> _TASK BRIEF_:
Copy out exactly each line from the line with "this 1422×1280 image." through the last line of the material below.

> _RECORDS SUPPLIED_:
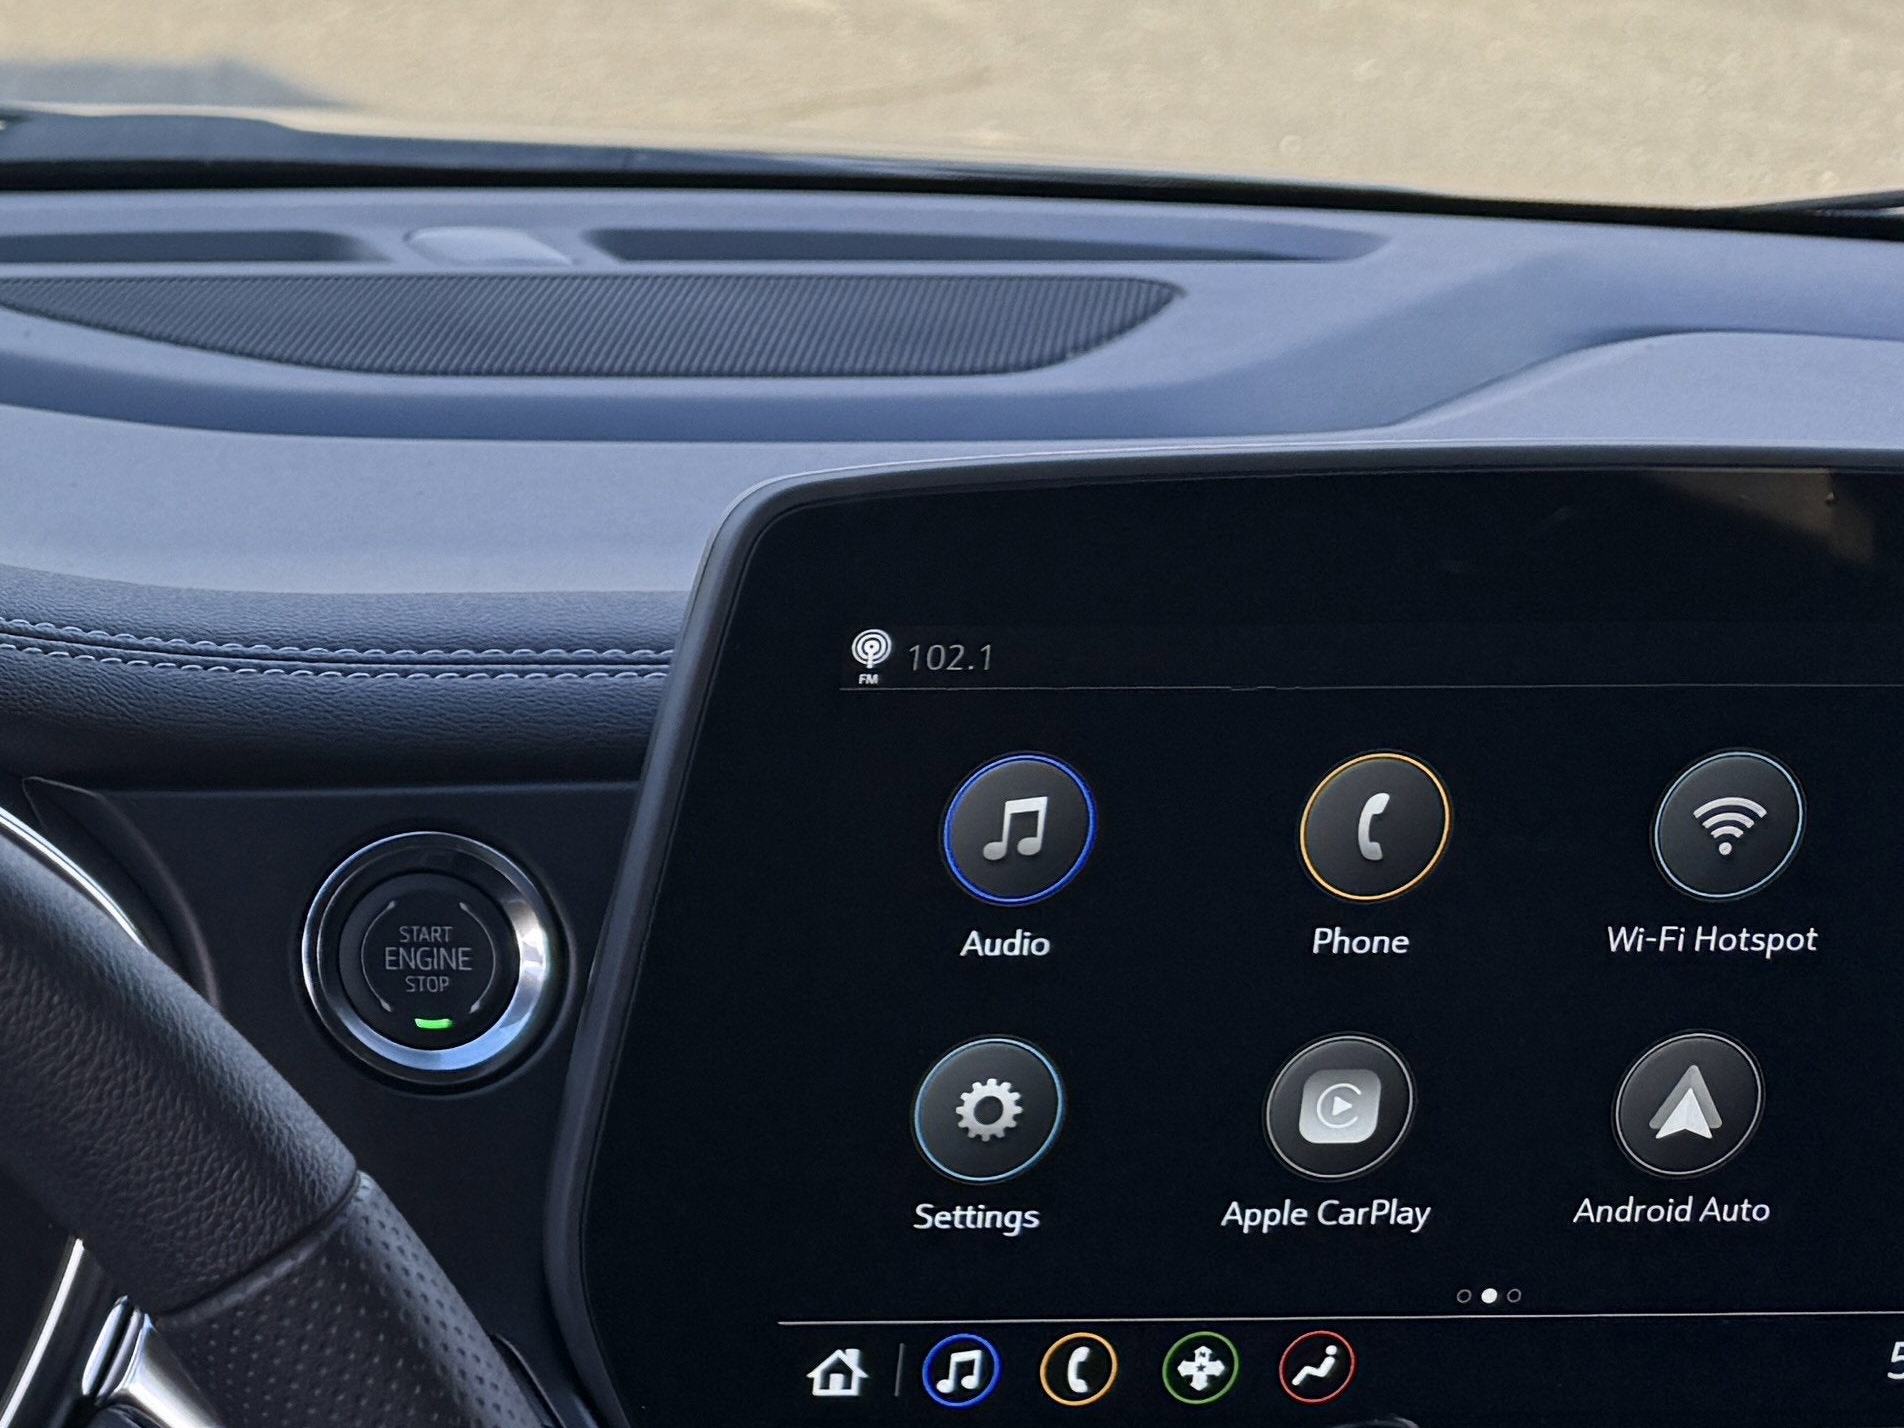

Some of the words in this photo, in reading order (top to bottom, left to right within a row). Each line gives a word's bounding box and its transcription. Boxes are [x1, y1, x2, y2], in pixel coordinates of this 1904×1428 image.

[907, 643, 992, 672] 102.1
[858, 673, 879, 685] FM
[399, 926, 452, 943] START
[959, 928, 1051, 958] Audio
[1311, 926, 1410, 955] Phone
[1607, 924, 1686, 954] Wi-Fi
[1695, 925, 1818, 960] Hotspot
[385, 947, 472, 971] ENGINE
[405, 975, 450, 993] STOP
[912, 1203, 1041, 1237] Settings
[1221, 1201, 1308, 1234] Apple
[1317, 1199, 1432, 1233] CarPlay
[1573, 1196, 1693, 1224] Android
[1699, 1196, 1771, 1223] Auto
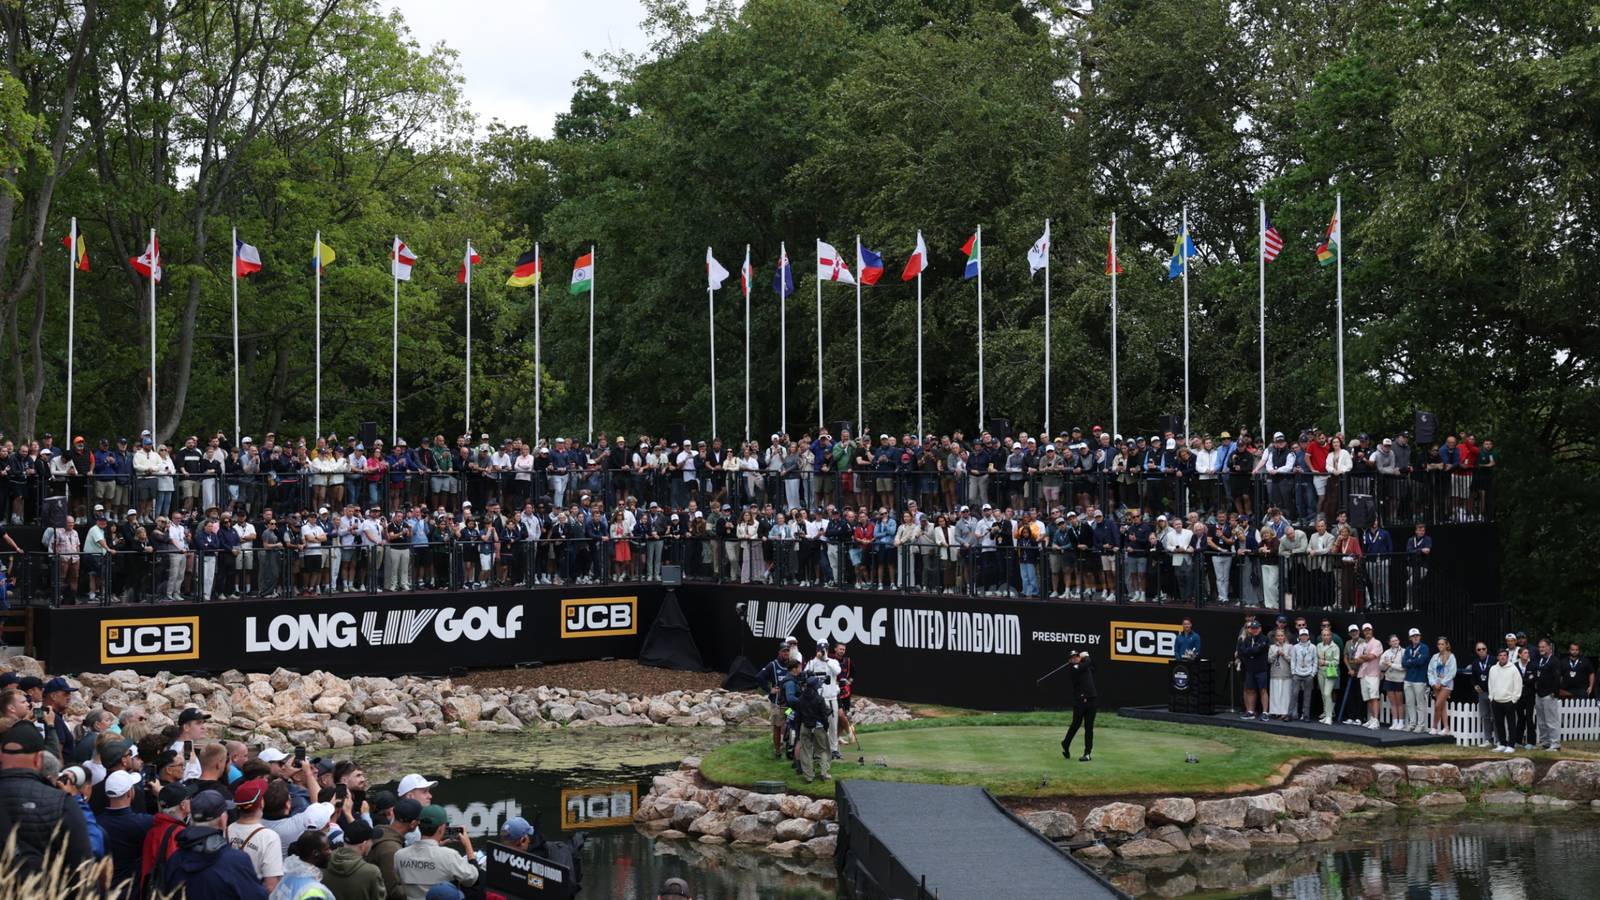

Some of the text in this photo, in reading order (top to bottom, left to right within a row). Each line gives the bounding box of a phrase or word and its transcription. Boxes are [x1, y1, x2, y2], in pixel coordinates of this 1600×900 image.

[245, 604, 524, 652] LONG LIV GOLF
[567, 604, 631, 630] JCB
[746, 600, 1021, 656] LIV GOLF UNITED KINGDOM
[108, 625, 191, 655] JCB
[1032, 631, 1101, 645] PRESENTED BY
[1116, 629, 1176, 656] JCB
[399, 859, 436, 871] MANORS
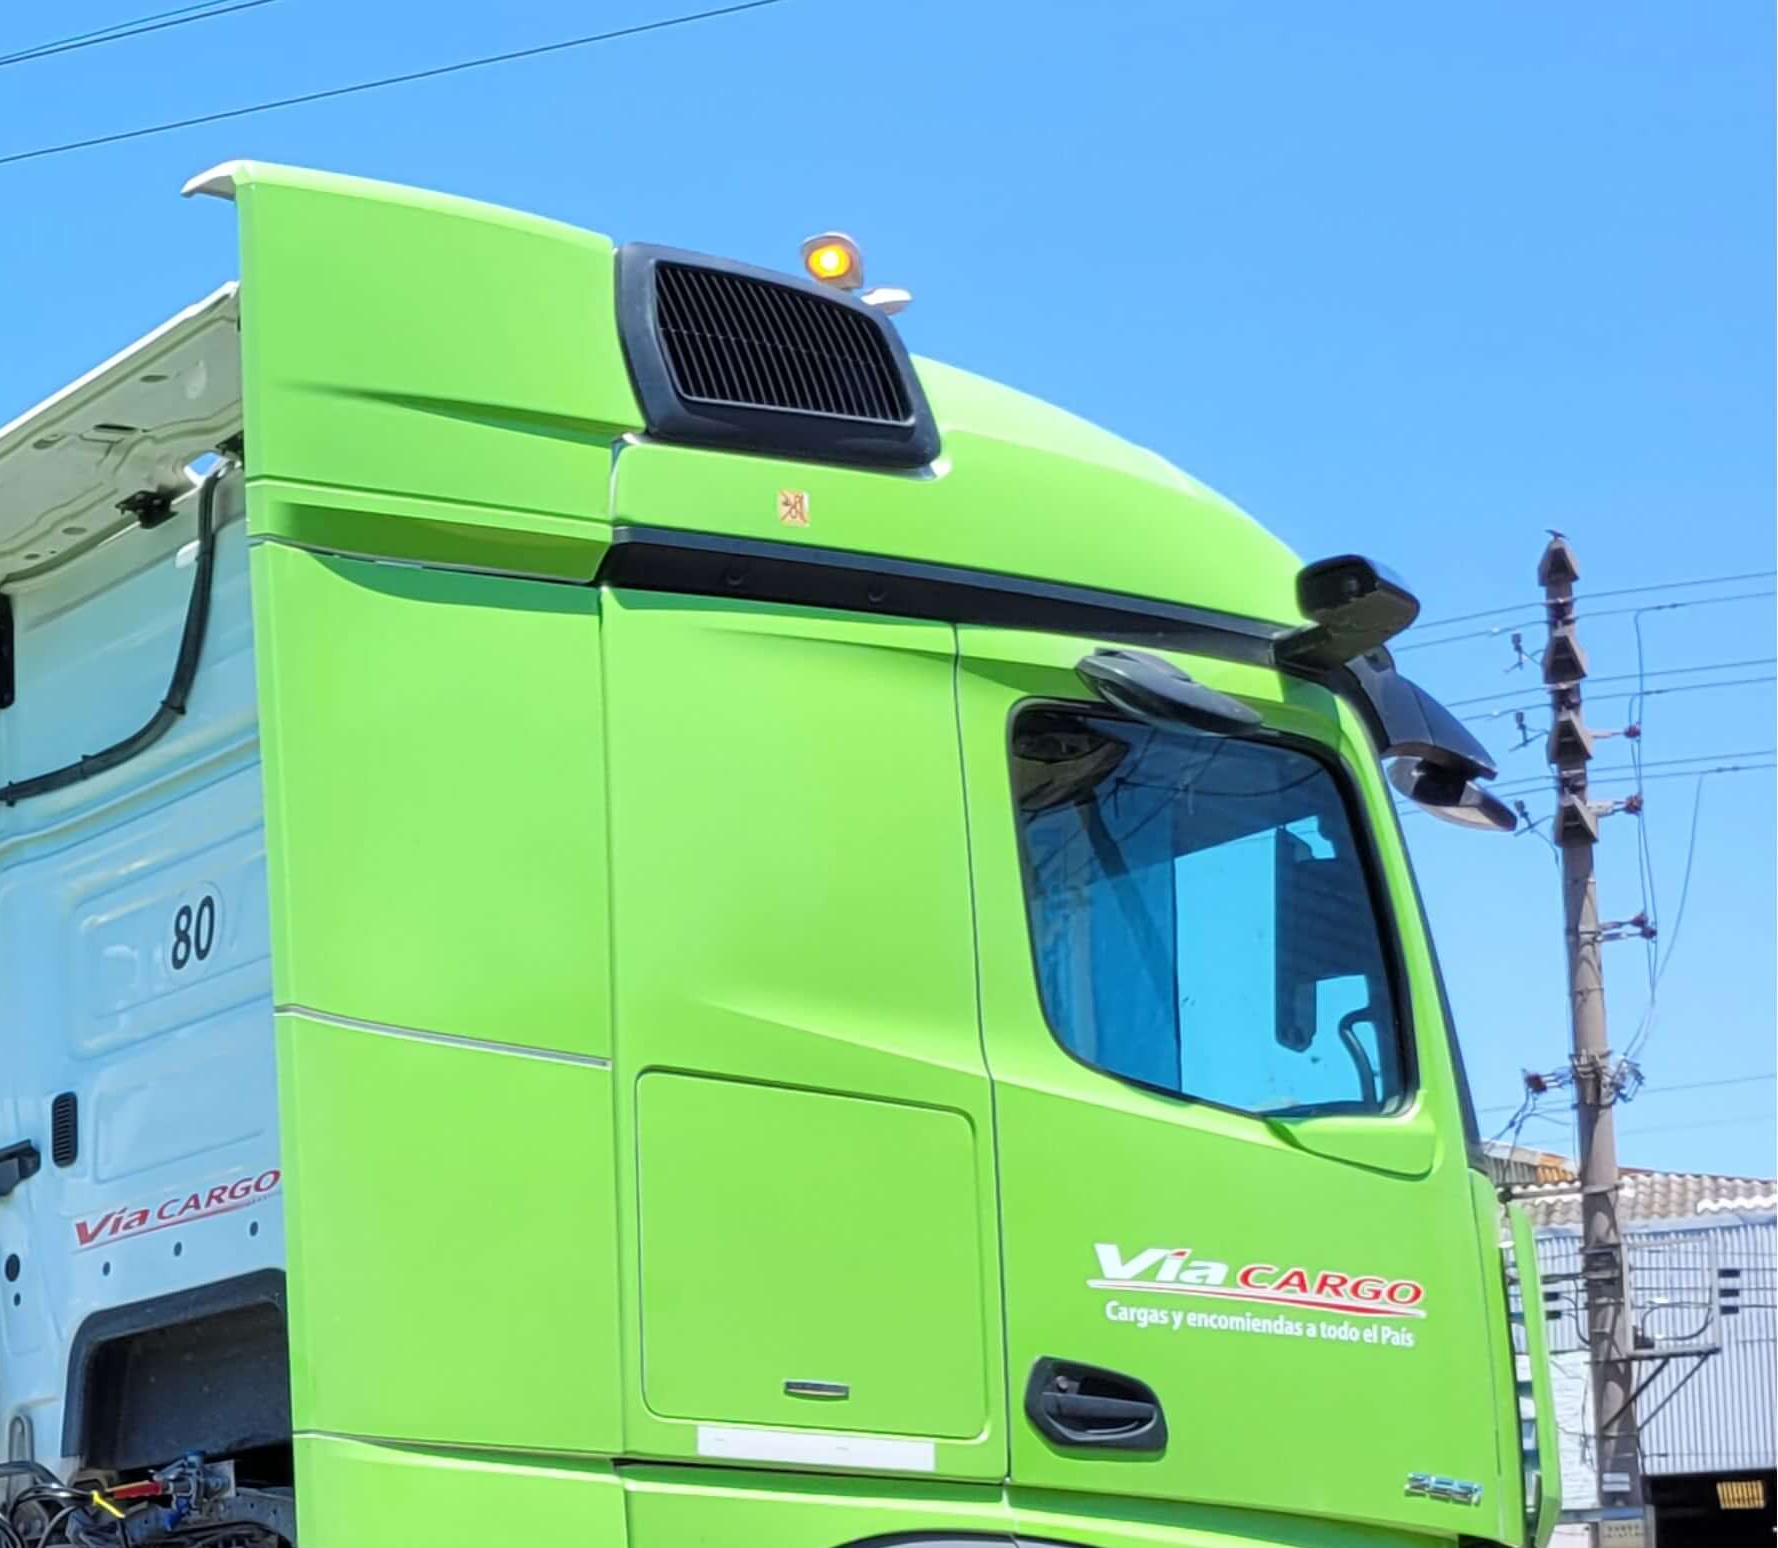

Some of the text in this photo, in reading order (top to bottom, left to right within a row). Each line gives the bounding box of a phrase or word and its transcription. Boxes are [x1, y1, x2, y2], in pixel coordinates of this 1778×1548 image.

[171, 895, 214, 970] 80
[157, 1170, 281, 1220] CARGO
[1237, 1265, 1423, 1307] CARGO
[1105, 1301, 1169, 1328] Cargas
[1171, 1310, 1183, 1330] y
[1187, 1309, 1303, 1338] encomiendas
[1306, 1323, 1317, 1339] a
[1320, 1321, 1359, 1342] todo
[1363, 1324, 1379, 1344] el
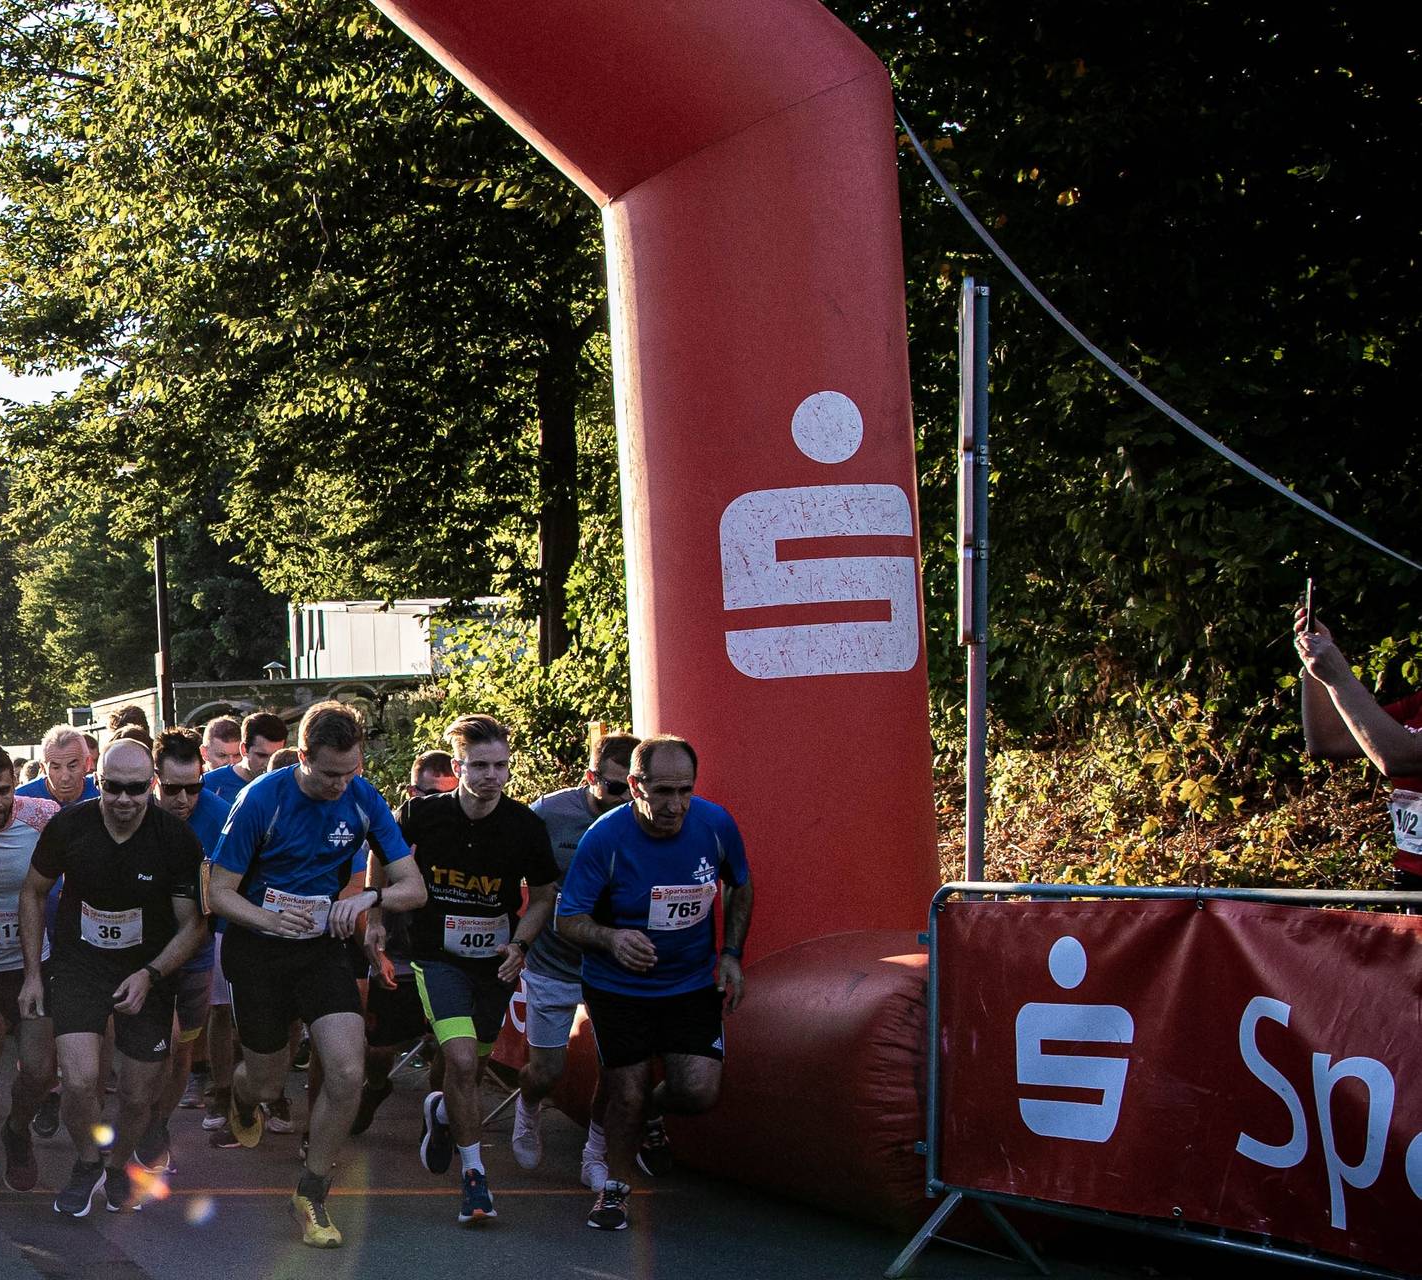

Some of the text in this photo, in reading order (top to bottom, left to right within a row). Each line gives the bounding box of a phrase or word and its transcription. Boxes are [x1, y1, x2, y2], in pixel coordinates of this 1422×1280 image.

[138, 873, 153, 881] Paul
[431, 865, 502, 896] TEAM
[666, 900, 702, 919] 765
[98, 925, 122, 940] 36
[459, 933, 496, 948] 402
[1235, 995, 1422, 1232] Sp

> _RESULT OF THIS EXERCISE_:
Some of the text in this photo, in reading order (top to bottom, left to right within a row). Each line gives the bounding box of a phrase or word and its transcription. Boxes are [x1, y1, x2, y2], in pixel coordinates of this 1422×1280 image.

[138, 873, 153, 881] Paul
[431, 865, 502, 896] TEAM
[666, 900, 702, 919] 765
[98, 925, 122, 940] 36
[459, 933, 496, 948] 402
[1235, 995, 1422, 1232] Sp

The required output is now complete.